Certificat d'Economie d'Energie (CEE)
Un outil favorisant les aides publiques
Par son mécanisme de redistribution, le dispositif des CEE permet le soutien des actions visant les économies d'énergie
Le système des Certificats d'économies d'énergie (CEE) a été mis en place en 2005 dans le cadre du protocole de Kyote par la loi de Programme fixant les Orientations de la Politique Energétique (Loi "POPE").
Depuis 2005, les fournisseurs d'énergie (électricité, gaz, chaleur, froid, fioul domestique) ont l'obligation de réaliser des économies d'énergie ou bien d'inciter leurs clients à en faire.

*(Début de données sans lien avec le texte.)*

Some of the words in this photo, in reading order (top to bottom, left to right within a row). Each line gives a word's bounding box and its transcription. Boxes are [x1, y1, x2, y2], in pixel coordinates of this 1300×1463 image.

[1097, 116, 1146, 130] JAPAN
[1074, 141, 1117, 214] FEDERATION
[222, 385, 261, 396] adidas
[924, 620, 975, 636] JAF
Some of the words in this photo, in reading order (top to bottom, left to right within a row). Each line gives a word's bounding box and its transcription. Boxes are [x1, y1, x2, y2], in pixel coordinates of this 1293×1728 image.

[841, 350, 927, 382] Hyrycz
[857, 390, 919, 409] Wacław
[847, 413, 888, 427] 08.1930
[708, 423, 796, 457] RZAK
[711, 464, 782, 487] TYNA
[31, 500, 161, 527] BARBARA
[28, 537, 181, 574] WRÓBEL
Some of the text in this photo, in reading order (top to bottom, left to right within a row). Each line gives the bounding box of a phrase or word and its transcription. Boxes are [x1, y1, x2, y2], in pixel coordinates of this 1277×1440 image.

On les appelle "les obligés". Chacun d'entre eux doit atteindre un quota d'économies, calculé en fonction de sa part de marché et évalué en kWh cumac (unité propre au dispositif des CEE, tient compte des économies réalisées sur le durée de vie des équipements installés et actualisées en fonction de la dépraciation du gain.)
La première période des CEE s'est achevée le 30 juin 2009, l'objectif national de 54 TWh cumac ayant été largement dépassé. Après une périod etransitoire, et l'adoption de la loi Grenelle 2 le 12 juillet 2010, le systeme rentre dans une deuxième période de 3 ans dont les objectifs sont portés à 345 TWh cumac.
Les vendeurs de carburants font à présent partie de la liste des "obligés " du dispositif.
Les secteurs cible pour les économies d'énergie sont les secteurs domestiques et tertiaires. Pour qu'une action soit éligible au CEE, cette action doit être référencée dans une « fiche standardisée ».